1 The Investment Company Institute is the national association of the American investment company industry. Its membership includes 6,456 open-end investment companies ("mutual funds"), 440 closed-end investment companies, and 10 sponsors of unit investment trusts. Its mutual fund members have assets of about $3,677 billion, accounting for approximately 95% of total industry assets, and have over 59 million individual shareholders.
2 NASD Notice to Members 97-37 (June 1997).
3 17 C.F.R. §§ 270.34b-1, 230.134, 230.135a, 230.156 and 230.482, respectively.
4 NASD Notice to Members 96-82 (December 1996). In May 1997, the SEC solicited comment on this proposed rule change. 62 Fed. Reg. 24147 (May 2, 1997).
5 Additionally, rules adopted by the SEC under the Securities Exchange Act of 1934, which apply to all NASD members, impose similar duties and prohibit manipulative or fraudulent conduct by broker-dealers.
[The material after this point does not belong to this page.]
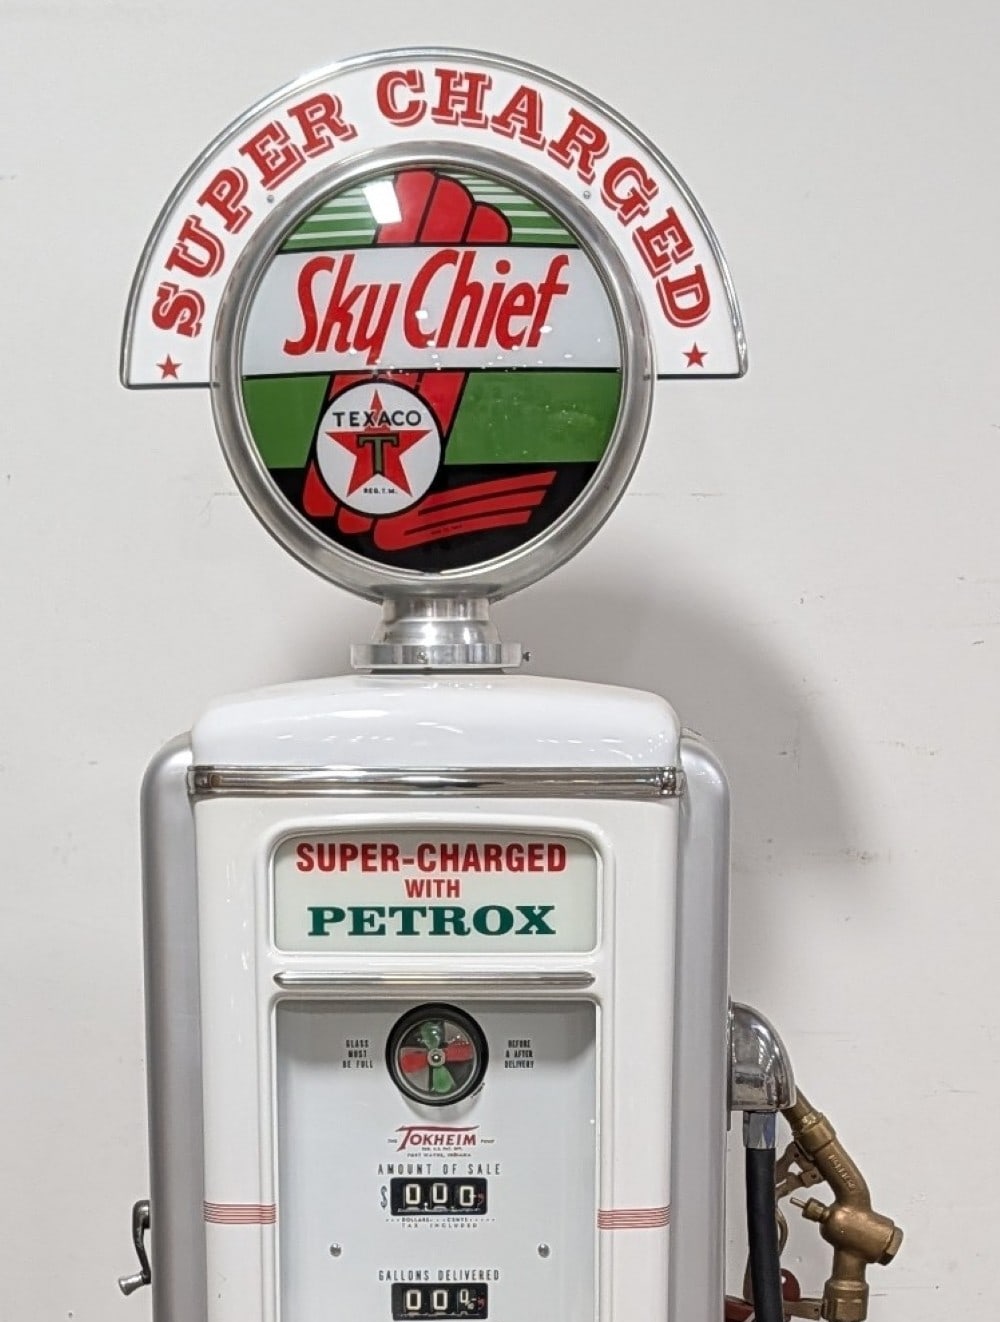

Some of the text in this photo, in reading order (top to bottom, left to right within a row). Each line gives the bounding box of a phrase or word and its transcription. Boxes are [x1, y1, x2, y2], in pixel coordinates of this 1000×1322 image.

See, e.g., 17 C.F.R. § 240.10b-5.
6 See In the Matter of Peter Stuart Bevington, Complaint No. C8A940021 (Mar. 5, 1997); In the Matter of William Stafford Thurmond, Complaint No. C06930051 (Feb. 1, 1996); In the Matter of Jeffery Steven Stone, Complaint No. C06940036 (Feb. 1, 1996); and In the Matter of Micah C. Douglas, Complaint Nos. C06920046 and C06930068 (Sept. 19, 1995).
7 We assume that this issue would not arise if such correspondence were from a non-member entity, such as a transfer agent that is not a registered broker-dealer. In such cases, the NASD rules presumably would not apply.
8 Rule 2210(d)(1)(D)(ii) provides that, in judging whether a communication is misleading, a member may consider the audience to which a communication is directed; however, this provision does not relieve the member of disclosure requirements of Rule 2210 and the SEC advertising rules.